Il rilancio della politica di allargamento dell’Unione europea verso i Balcani occidentali è stato uno dei temi principali del vertice trilaterale tenutosi lo scorso 27 febbraio a Belgrado. I ministri degli esteri di Albania, Italia e Serbia hanno discusso in merito ad un approccio comune dei paesi della regione basata sul supporto garantito dall’Italia ad una politica di allargamento dell’UE nei Balcani occidentali.

I pionieri dei Balcani occidentali

Il programma di lavoro della Commissione europea per il 2018 afferma l’intenzione di presentare una strategia per l’adesione all’UE della Serbia e Montenegro definiti “candidati pionieri dei Balcani occidentali”. Seppur con un preciso caveat in merito all’allargamento dell’Unione durante questo mandato della Commissione e del Parlamento europeo, tale documento si inserisce nel solco tracciato dal processo di Berlino: un’iniziativa diplomatica legata all’allargamento dell’Unione europea ai paesi dei Balcani occidentali che è stato fortemente supportato dalla Germania durante il terzo cancellierato di Angela Merkel.

L’incontro dello scorso febbraio mostra l’interesse a tenere vivo questo processo con una ferma volontà di sottolineare gli sforzi comuni per attuare la tabella di marcia, decisa durante il vertice di Trieste, volta alla creazione di una zona economica regionale e l’attuazione dell’agenda per la connettività.
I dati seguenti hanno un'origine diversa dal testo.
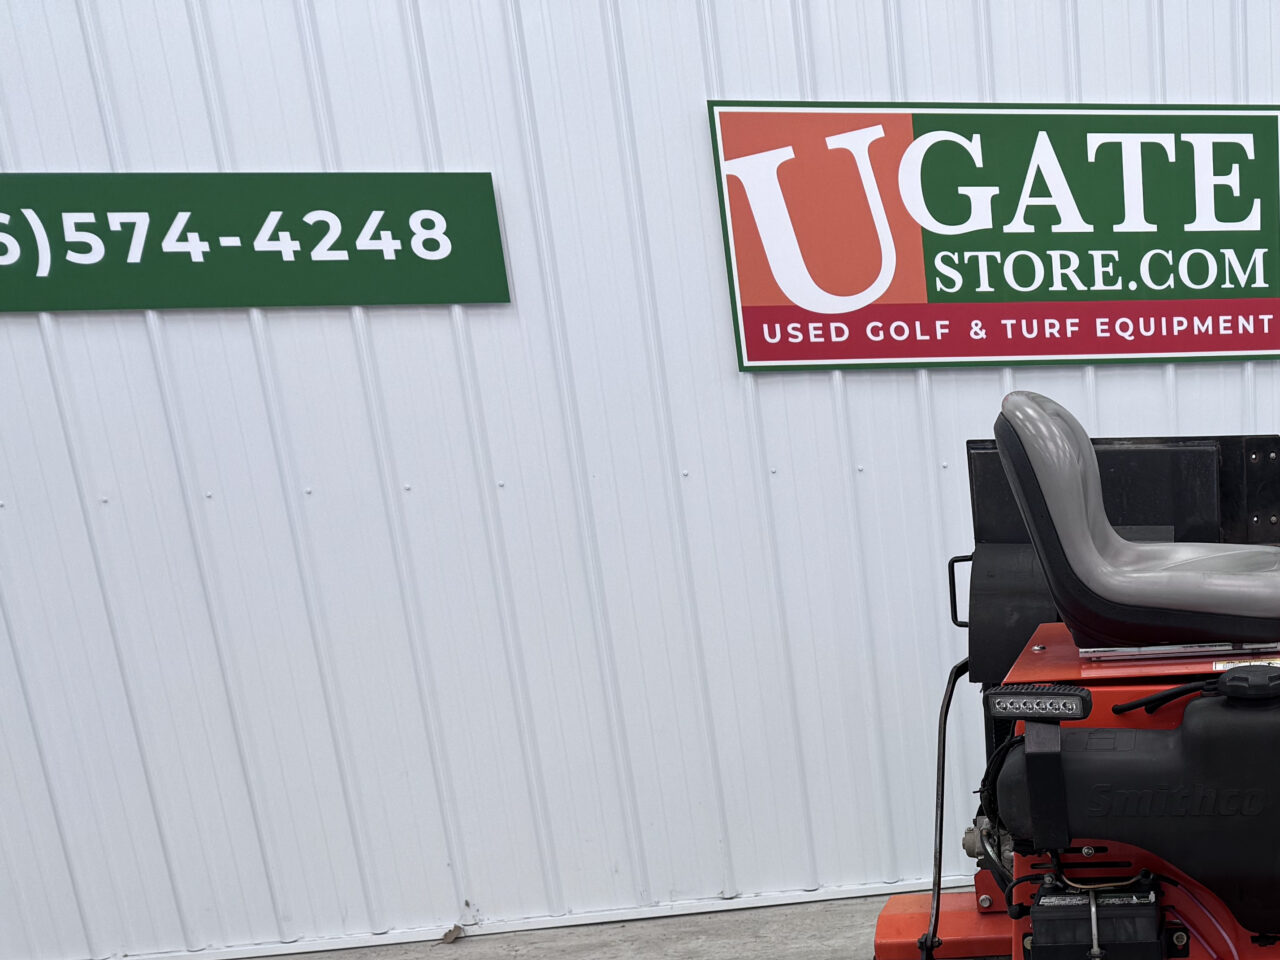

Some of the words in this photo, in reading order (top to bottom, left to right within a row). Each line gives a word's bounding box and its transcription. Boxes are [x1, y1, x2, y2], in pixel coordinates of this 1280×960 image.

[934, 247, 1270, 293] STORE.COM
[763, 322, 850, 343] USED
[866, 320, 950, 341] GOLF
[969, 320, 988, 340] &
[1001, 318, 1081, 339] TURF
[1095, 314, 1275, 341] EQUIPMENT
Il vertice ha inoltre confermato l’impegno e la determinazione a mantenere la pace e la sicurezza nella regione come obiettivo comune dei paesi dei Balcani occidentali. Lo scopo è quello di rafforzare ulteriormente la sicurezza e la cooperazione, superando divisioni ed interessi nazionali.

Riguardo il processo di normalizzazione delle relazioni tra Kosovo e Serbia, è stata sottolineata l’importanza della mediazione europea come strumento più idoneo al raggiungimento di soluzioni comuni volte al rispetto di entrambe le parti.

Il percorso della Serbia ed il ruolo di Italia e Cina

L’Italia sta esercitando una forte pressione nelle diverse sedi europee per facilità l’ingresso della Serbia all’interno dell’Unione. La presenza economica italiana in Serbia è estremamente rilevante e rappresenta una delle principali fonti di investimento per il paese. Nel paese balcanico operano più di un centinaio di società italiane in quasi tutti i settori d’attività tra cui banche, automotive, servizi assicurativi e armamenti. Ultimamente sono in crescita gli investimenti nel settore degli alimenti biologici, come anche nel settore energetico, in particolare per le risorse di energia rinnovabili.

Ma l’Italia è anche il mercato di esportazione numero uno per l’economia serba ed il secondo paese dal per importazioni (seconda solo alla Germania). Secondo le statistiche del UN Comtrade Database, le importazioni nel 2016 hanno raggiunto 1,98 miliardi di euro. Circa il 90 percento degli scambi sono prodotti industriali, ed il resto sono prodotti agroalimentari.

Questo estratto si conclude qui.